Back from the war, my father married quickly. My parent’s first house was a converted chicken coop. Before the great expansion of suburban housing began, anything that had four walls and a roof was fair game for returning GIs. My father bought a milk truck and drove a route for the next several years, saving his money and buying dairy cows, which he housed on his brother’s farm.

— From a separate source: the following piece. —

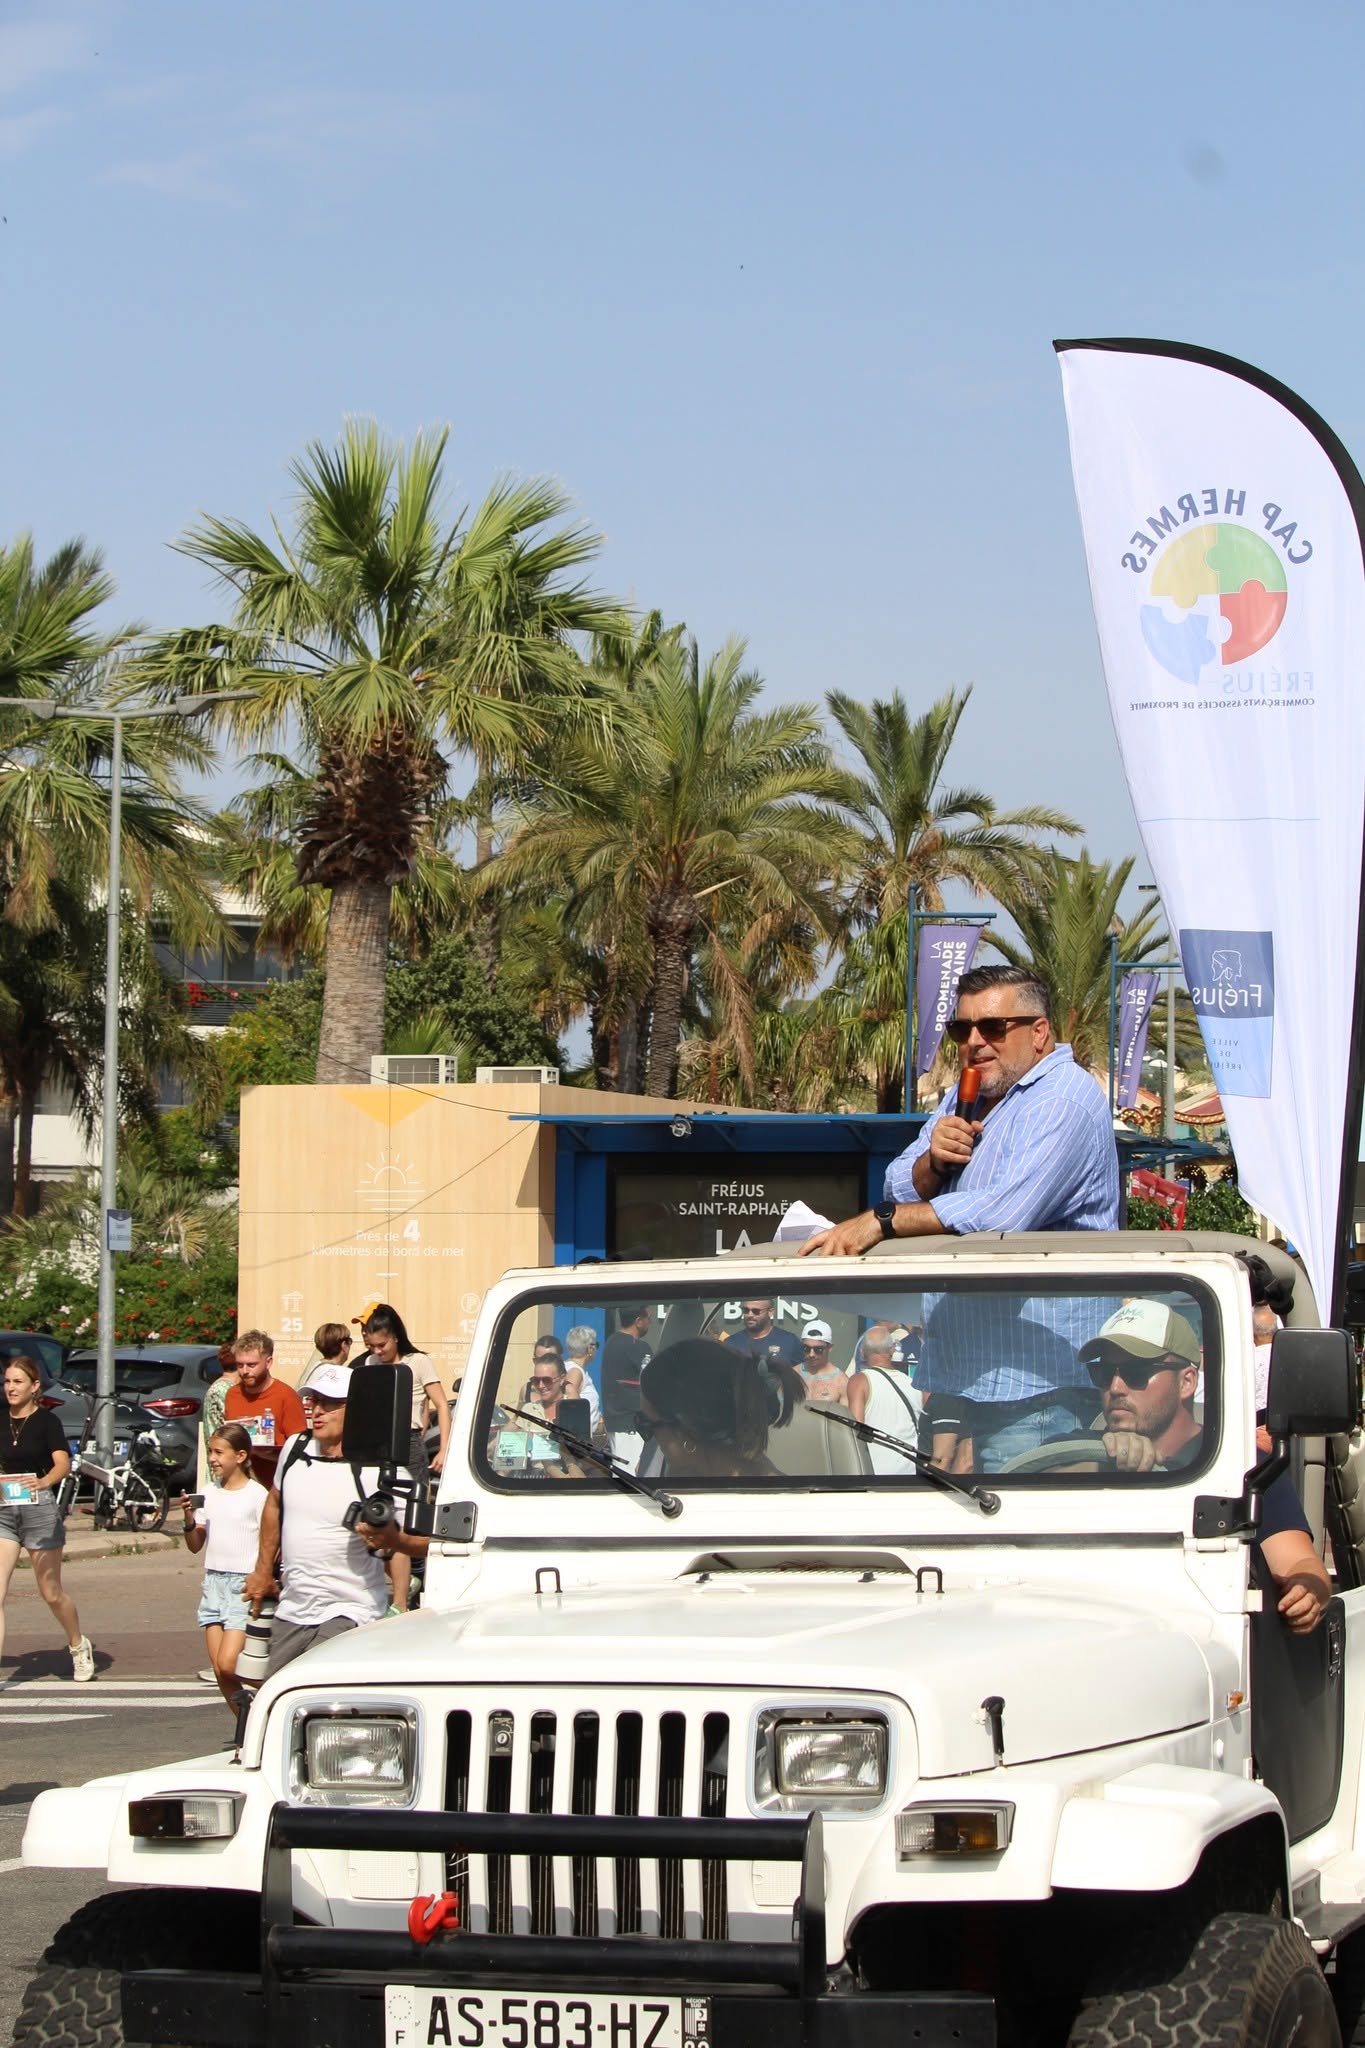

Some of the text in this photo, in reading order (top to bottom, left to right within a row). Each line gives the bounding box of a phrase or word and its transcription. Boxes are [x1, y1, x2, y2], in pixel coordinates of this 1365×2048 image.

Forget a city milk delivery cart, drawn by a faithful horse. Forget the stainless steel behemoths that you see on today’s roads. In those days, milk was transported in 10 gallon cans which were stored on the farm in a frigid water bath. Each milk can, with contents, weighed about a hundred pounds. They were picked up daily from each farm by milkmen who hoisted all of them manually, one by one, out of the cold tank, carried them outside to their refrigerated truck, hoisted them by hand to the high bed, then drove the the next farm. When the load was complete, they drove them to Tulsa and unloaded them, still by hand. It was a brutal business.
After four years my father sold the truck and we all moved to a house (you would call it a shack) on my uncle’s farm. It had no plumbing, just an outhouse, and our water came from a milkman like my father had been. He picked up milk from my father’s and uncle’s combined herd every day. When he unloaded his truck, he rinsed out one of the milk cans and filled it with city water. The next day it came back with the empties; we placed it on the counter in the kitchen. It provided 10 gallons a day for all uses.
No one paid for the water and no one paid the milkman for bringing it back from town. It was just a kindness among people during hard times.
After four years of living on my uncle’s farm and growing crops on rented land, we moved again, this time to our own place. It wasn’t much, and it was rented, but we worked together to fix it up. I did what I could; I was seven.
When I was eleven, I started working every day, twice a day, in the dairy barn. That continued until I was nineteen and went off to college. I also spent every day of summer driving a tractor, as well as many days in spring and fall. I once calculated that in winter I worked the farm about 35 hours a week, and in summer, closer to 50.
About the time I started working, we bought the farm from its owner, with a bank loan of course.
For about eight years, my father had my full, free labor. By the time I was fourteen I could drive a tractor as well as anyone and I competed with grown men to prove I could carry as many sacks of grain or fertilizer as they could.
That’s the way boys grow up on a farm. Childhood? I didn’t have much of one, but I didn’t feel particularly cheated. I was a man at fifteen, and that was enough.
Still, I wouldn’t do it again for a billion dollars.
I left the farm in 1966 and, for reasons having nothing to do with this post, I only returned for brief visits.
The Great American Lie is that if you work hard enough, you will succeed. My father sought success and won it, to a degree. That is the entrepreneurial part of my family story.
Things didn’t go quite as well after I left, and then his life of immense labor finally caught up with him. His health failed. He could no longer do the work it takes to run a working farm, and there was not enough income to hire someone to take his place. Or mine. He could no longer pay the bank loan.
The bank took the farm.
Bill Gates and Elon Musk notwithstanding, that is the normal end of a business, or a farm. It is especially true when the children want out.
After a life of work and sacrifice, everything is lost when a man’s strength runs out — a peasant from the middle ages would have understood the situation perfectly.